University of California students involved with Suitcase Clinic create a sense of community by providing meals and many needed services.
University of California students involved with Suitcase Clinic create a sense of community by providing meals and many needed services.

 

by Caroline Pohl

The Suitcase Clinic runs three drop-in clinics in Berkeley each week: Youth Clinic, Women’s Clinic and General Clinic. In all three of our clinics, we welcome our clients with open arms.
Despite only weekly services and lack of permanent facilities, Suitcase Clinic aims to create a community for its clientele while also providing them with immediate healthcare and relief. Suitcase Clinic, as an organization, parallels the temporary and ever-changing climate of homelessness — empowering its volunteers with the ability to adapt to meet the different needs of our clients.
At General Clinic, we strive to cater to the entirety of Berkeley’s homeless community: the young and the old, women and men, newcomers and regulars. Our volunteers take extra measures to provide people with personalized services, such as soothing clients during footwashing and massage, listening closely to their requests in haircuts, and following through with their dilemmas from the previous week. This makes the experience, both for the clients and volunteers, different with each visit.
So this week, on behalf of General Clinic, I would like to introduce you to one of our clients, known to many of us as Twinklebell, and to others simply as Twinkle. Here is a man beloved by both volunteers and clients alike, and whose adamant desire to do good for his own community inspires many of us at Suitcase Clinic.
A Berkeley native, Twinkle came from a large middle-class family, with 70 first cousins. He grew up in a past era transformed by the great civil rights movements of the 1960s and 1970s, and his family members were active participants in this new wave of radicalism. As a Mexican-American himself, Twinkle spent his childhood struggling in concord with these groups in order to gain a sense of his own community identity.
Twinkle is both an activist and leader within the homeless population. “It is my choice to live a nomadic lifestyle,” he said, “and to find out what freedoms we really do have.”

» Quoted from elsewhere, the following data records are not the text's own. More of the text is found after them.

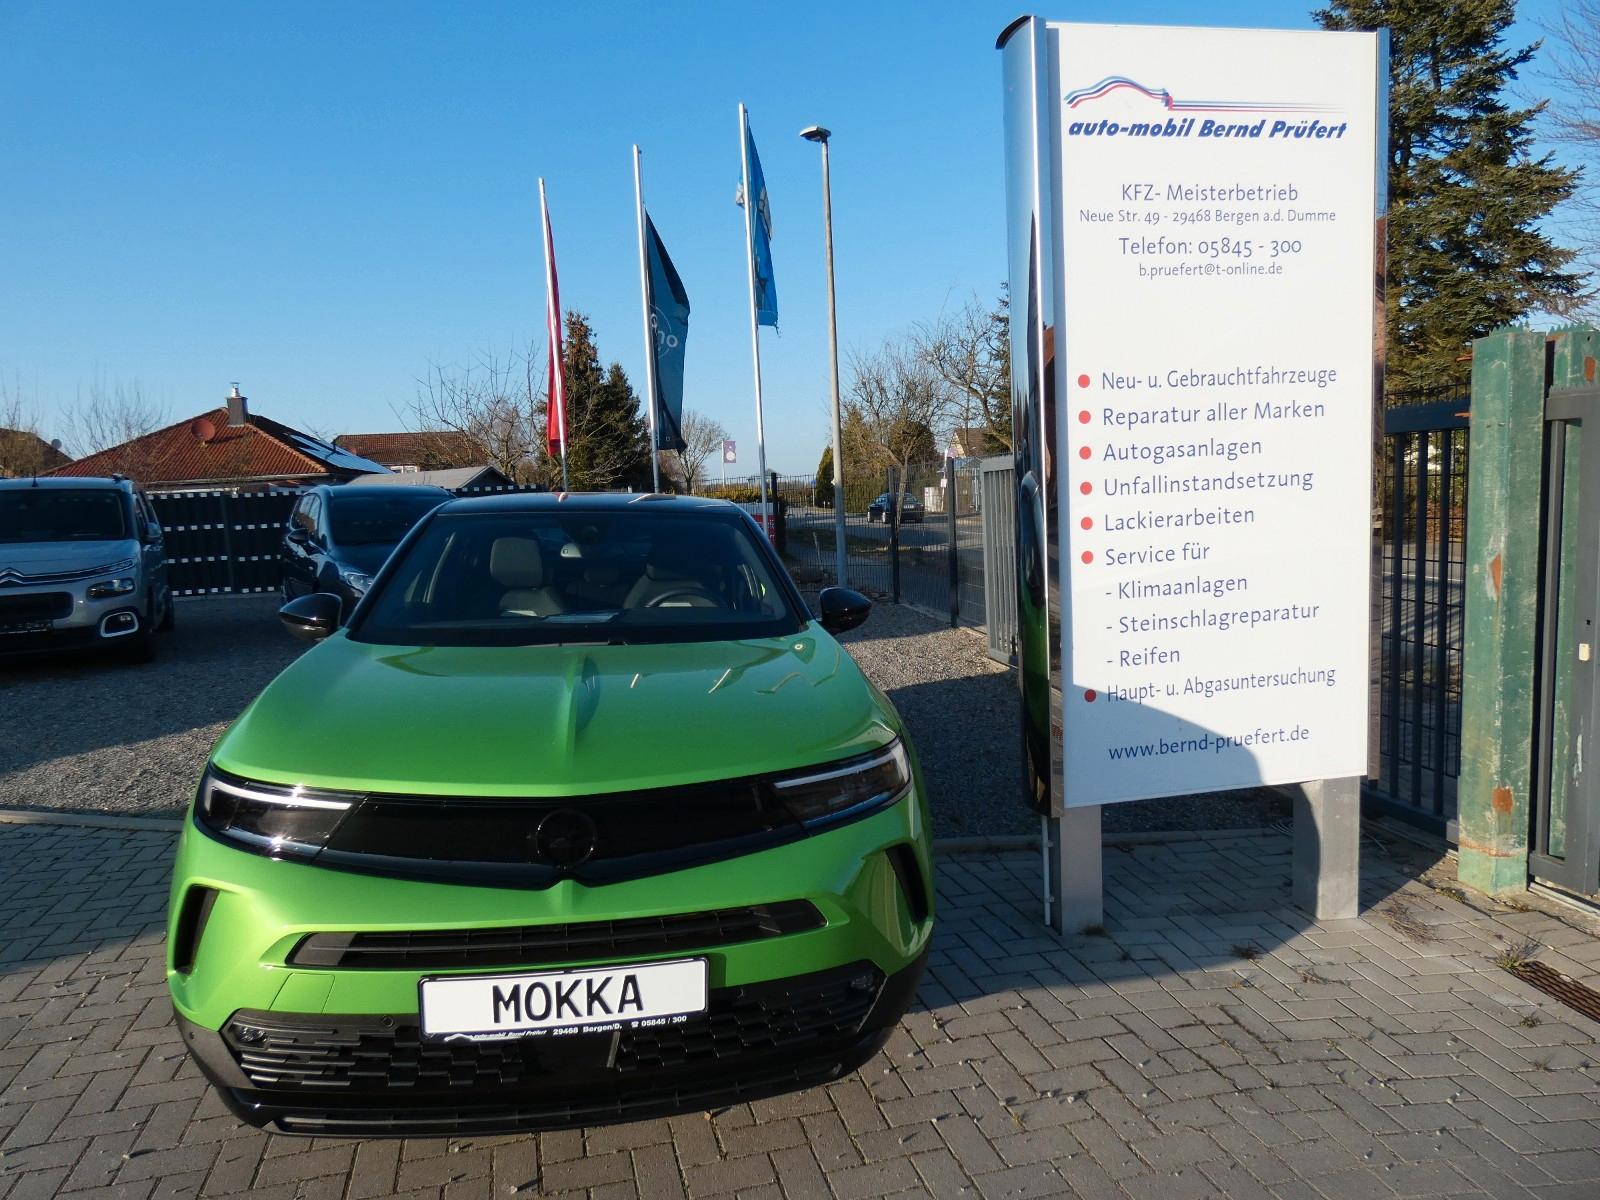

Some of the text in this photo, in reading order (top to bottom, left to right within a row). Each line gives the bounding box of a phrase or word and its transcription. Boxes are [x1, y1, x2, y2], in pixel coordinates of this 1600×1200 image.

[1069, 118, 1347, 139] auto-mobil Bernd Prüfert
[1122, 184, 1298, 201] KFZ- Meisterbetrieb
[1080, 209, 1114, 222] Neue
[1119, 210, 1140, 222] Str.
[1144, 209, 1160, 225] 49
[1172, 208, 1210, 225] 29468
[1216, 210, 1259, 225] Bergen
[1264, 209, 1283, 221] a.d.
[1288, 209, 1335, 221] Dumme
[1118, 236, 1192, 255] Telefon:
[1198, 237, 1252, 258] 05845
[1270, 240, 1301, 257] 300
[1140, 262, 1282, 280] b.pruefert@t-online.de
[1103, 366, 1336, 390] Neu- u. Gebrauchtfahrzeuge
[1104, 400, 1324, 430] Reparatur aller Marken
[1103, 438, 1261, 464] Autogasanlagen
[1105, 471, 1313, 496] Unfallinstandsetzung
[1105, 507, 1254, 531] Lackierarbeiten
[1106, 542, 1210, 566] Service für
[1119, 576, 1247, 599] Klimaanlagen
[1120, 604, 1319, 633] Steinschlagreparatur
[1120, 646, 1179, 667] Reifen
[1108, 667, 1336, 704] Haupt- u. Abgasuntersuchung
[1109, 724, 1309, 759] www.bernd-pruefert.de
[492, 974, 644, 1024] MOKKA
[552, 1027, 579, 1036] 29468
[641, 1018, 666, 1027] 05845
[673, 1015, 687, 1023] 300
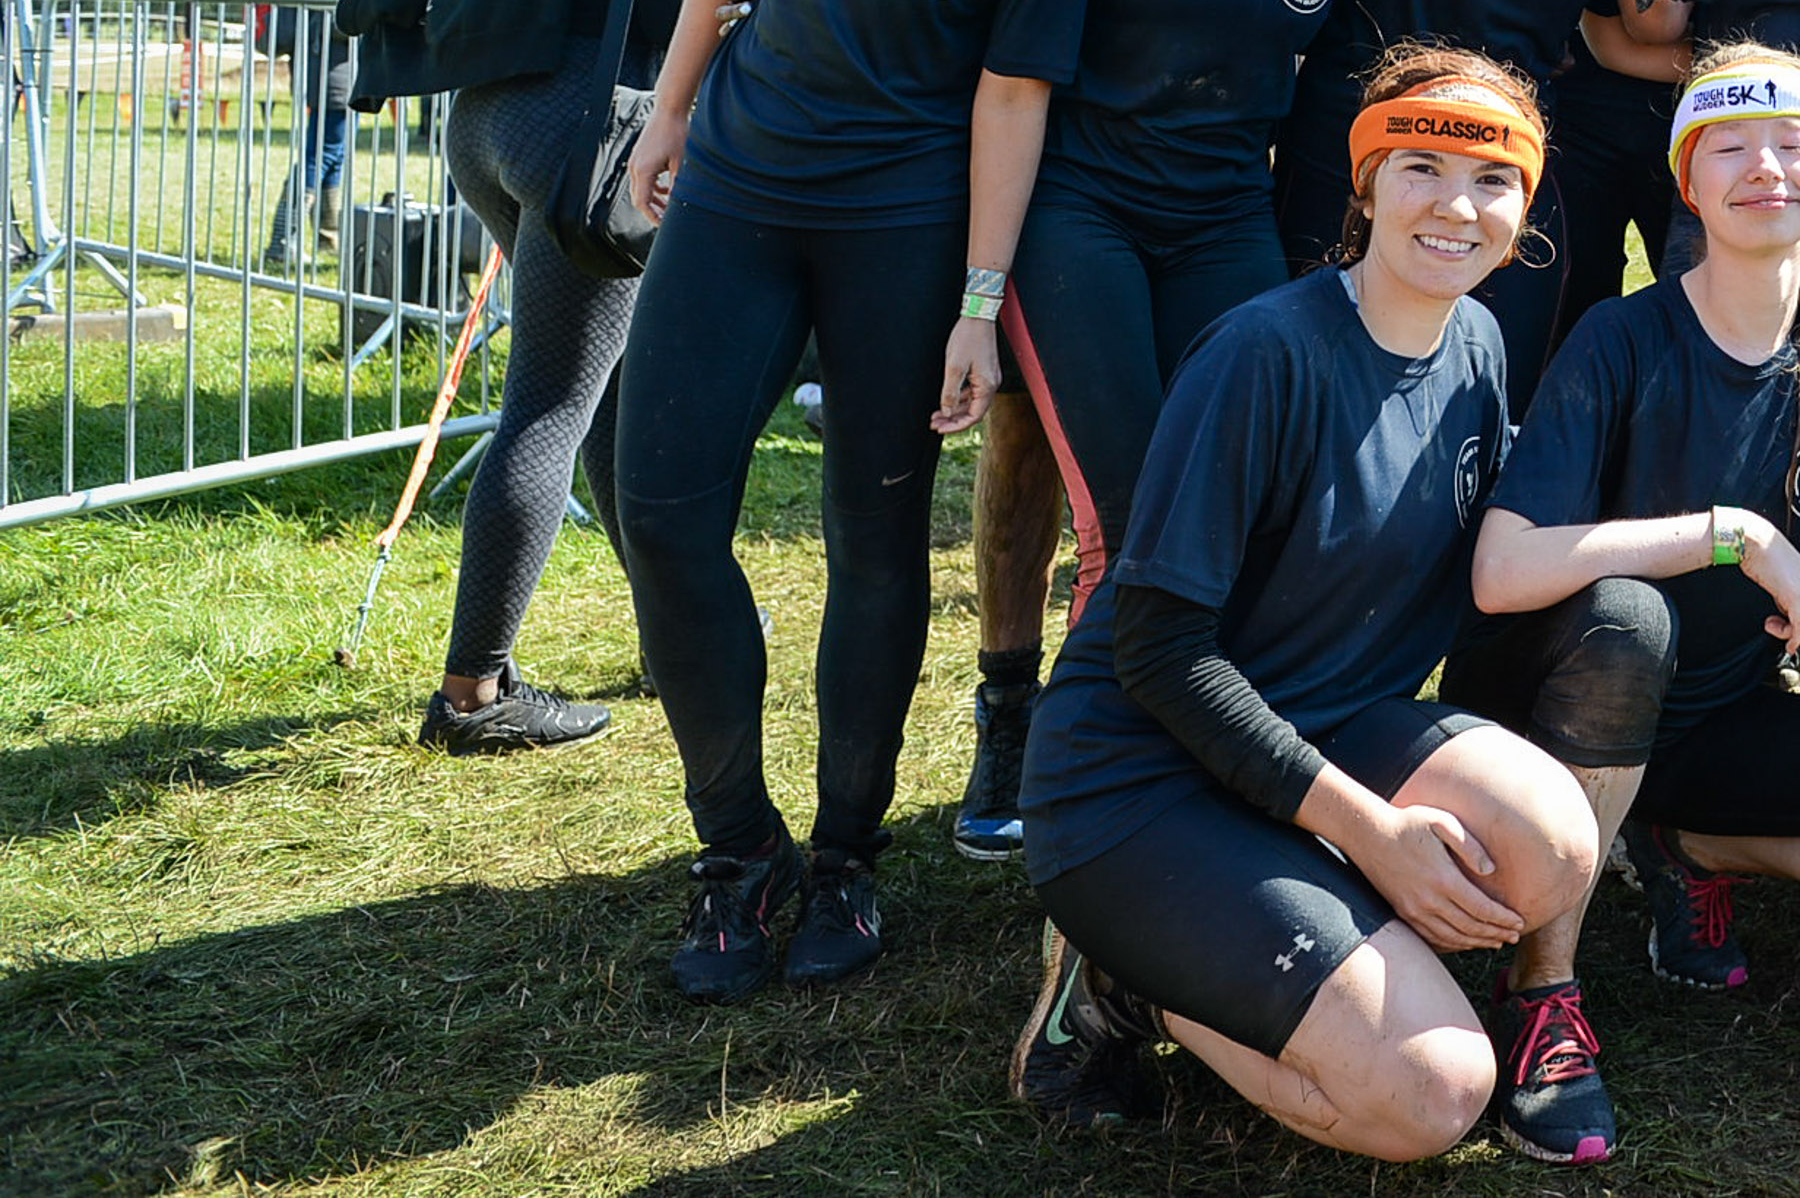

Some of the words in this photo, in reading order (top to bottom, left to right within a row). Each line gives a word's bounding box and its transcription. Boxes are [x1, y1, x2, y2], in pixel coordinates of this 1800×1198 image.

[1693, 88, 1724, 105] TOUGH
[1726, 85, 1767, 106] 5K
[1387, 117, 1413, 127] TOUGH
[1415, 117, 1496, 142] CLASSIC
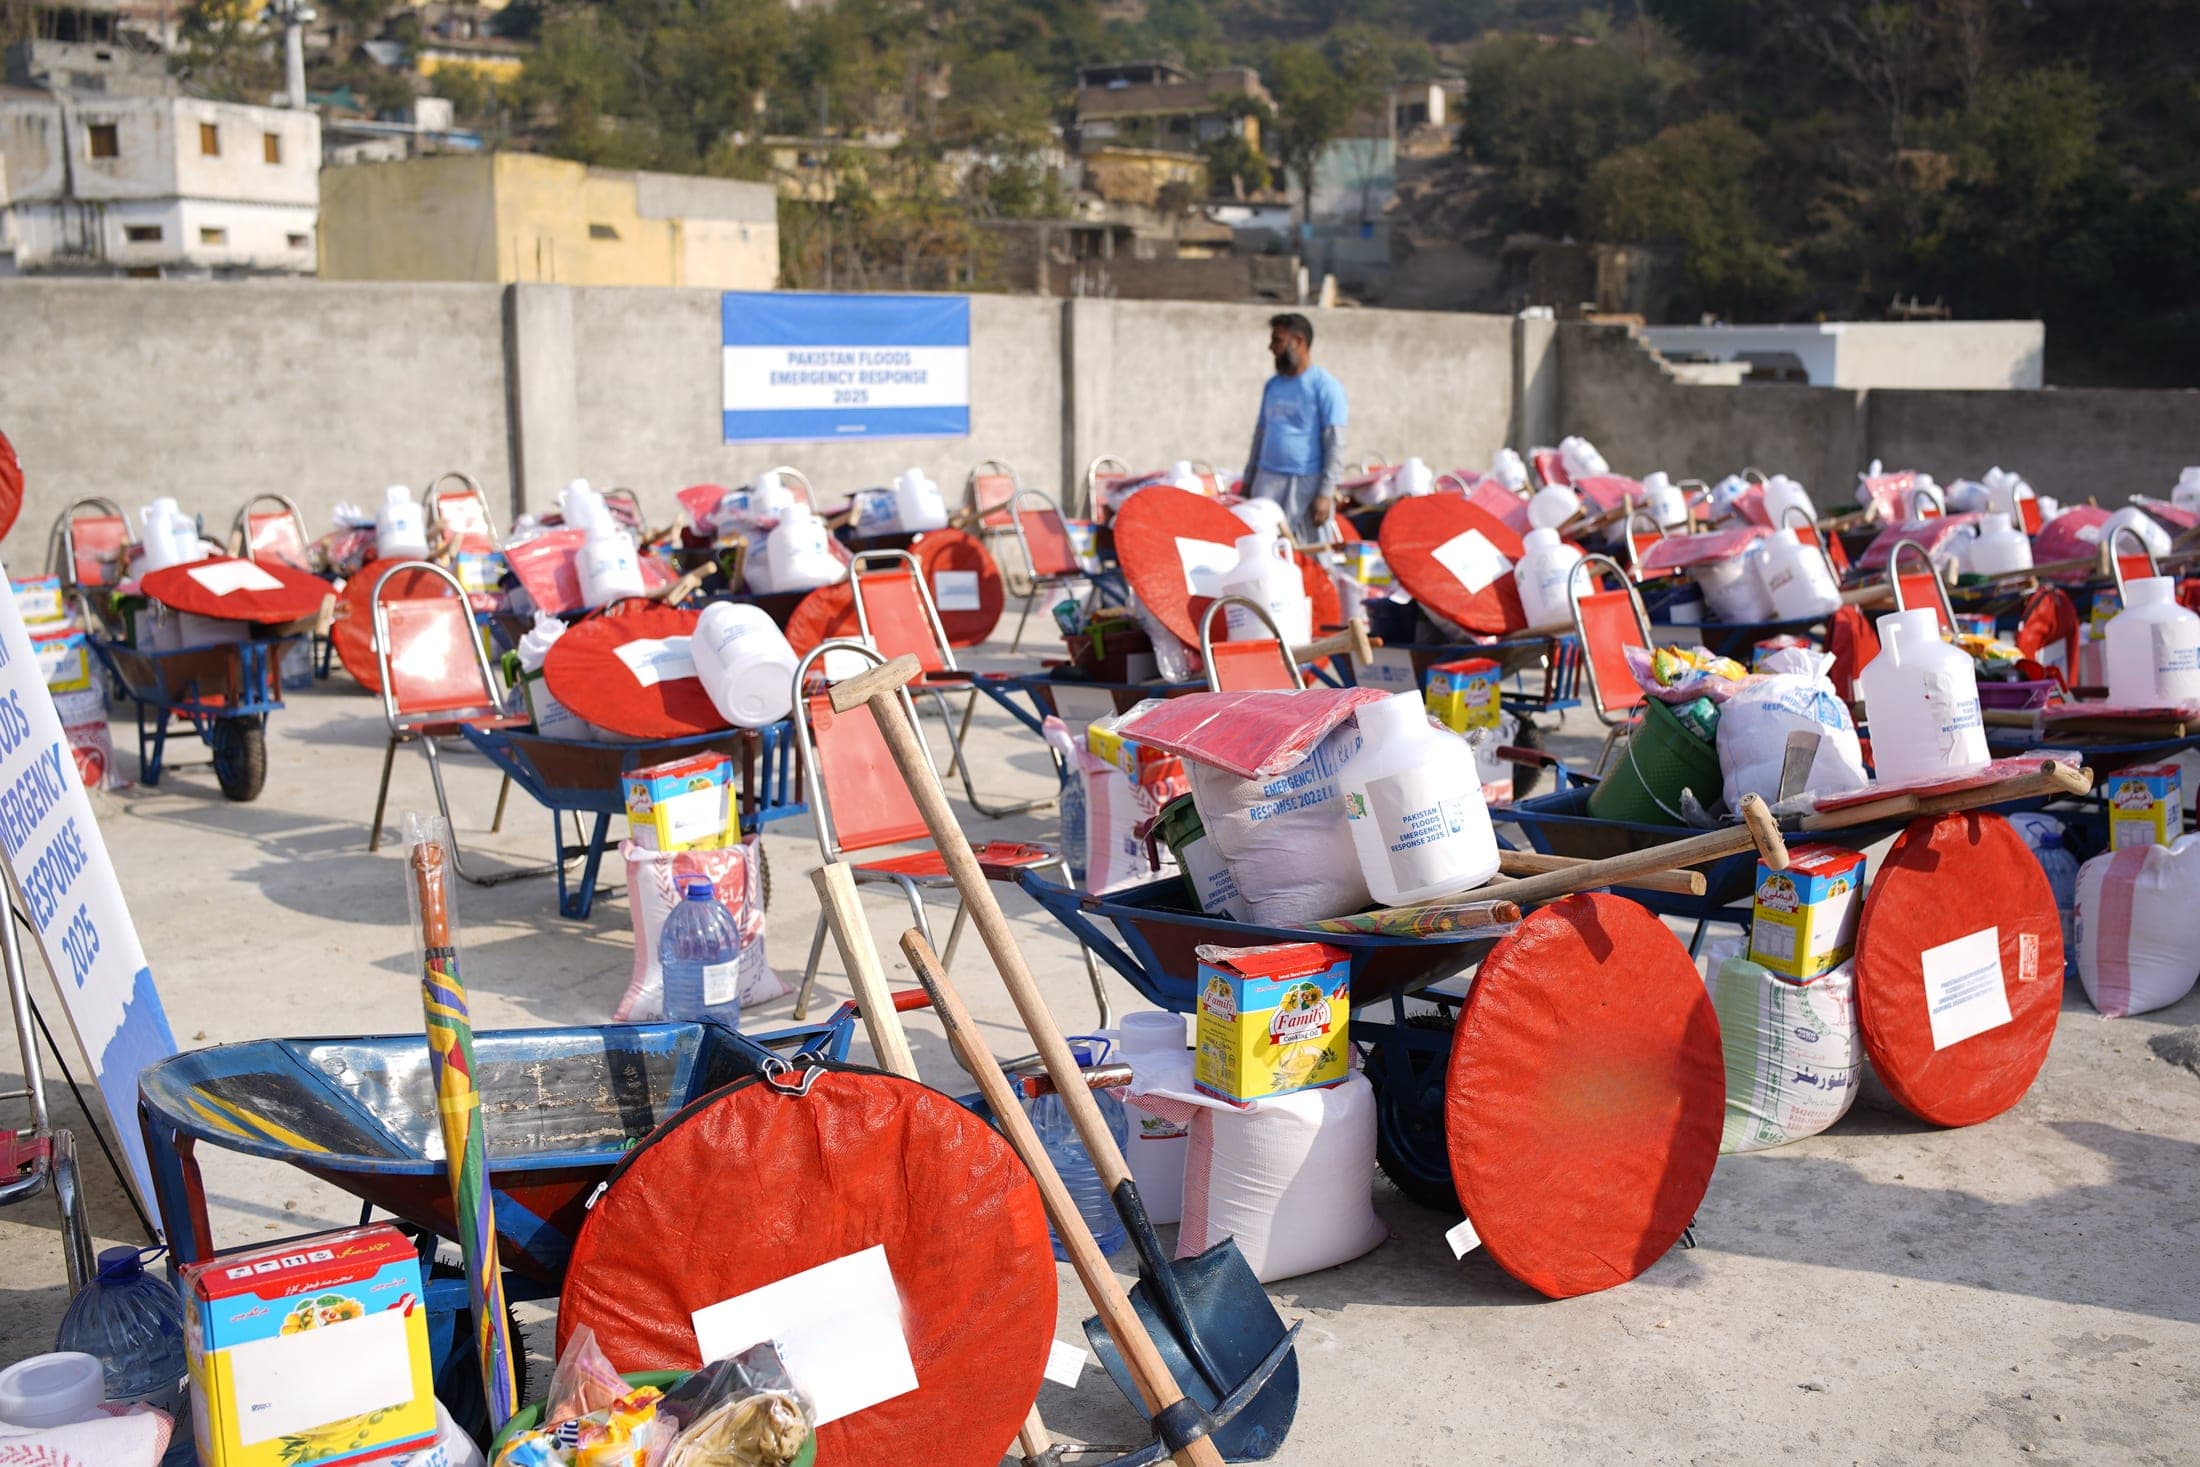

The logo of The Suitcase Clinic, a long-standing organization founded by UCB students to serve the homeless community.
The logo of The Suitcase Clinic, a long-standing organization founded by UCB students to serve the homeless community.

 
Twinkle possesses a high school degree, as well as two years of a community college education. He has a background in legal studies, and works independently, choosing his battles on the streets in the context of larger political endeavors.
Just the other day, Twinkle challenged police officers who were wrongly interpreting Oakland’s Sit-Lie Ordinance by enforcing the law at an incorrect time interval.
“I simply bring these kinds of cases to court,” Twinkle said. “Whether or not a lawyer or organization wants to choose to carry through with them to a higher level, well, that’s their choice.”
According to Twinkle, many people are driven to homelessness by the impractical ideals of happiness forged by the media.
“When you think about it, our country is one of the richest in the world,” said Twinkle. “For as long as I have lived, the economy has been pretty darn great, too. So, then why are a large number of people still unhappy and why are things still the way they are?”
Currently, Twinkle is working at a grassroots level to change this, and is an active participant in Indybay.org and Farmer’s Market campaigns. He also recently attended Suitcase Clinic’s Homelessness and Poverty Symposium.
Yet, Twinkle’s ultimate goal is to secure a sense of community in the Bay Area. He encourages others to dance with him as he attends Ecstatic Dance three to four times a week, and wants to bring back the ice-skating rink Berkeley once had a long time ago.
“I’m just trying to bring people together,” said Twinkle. “I believe that we all have a right to happiness — in whatever way we all believe that to be.”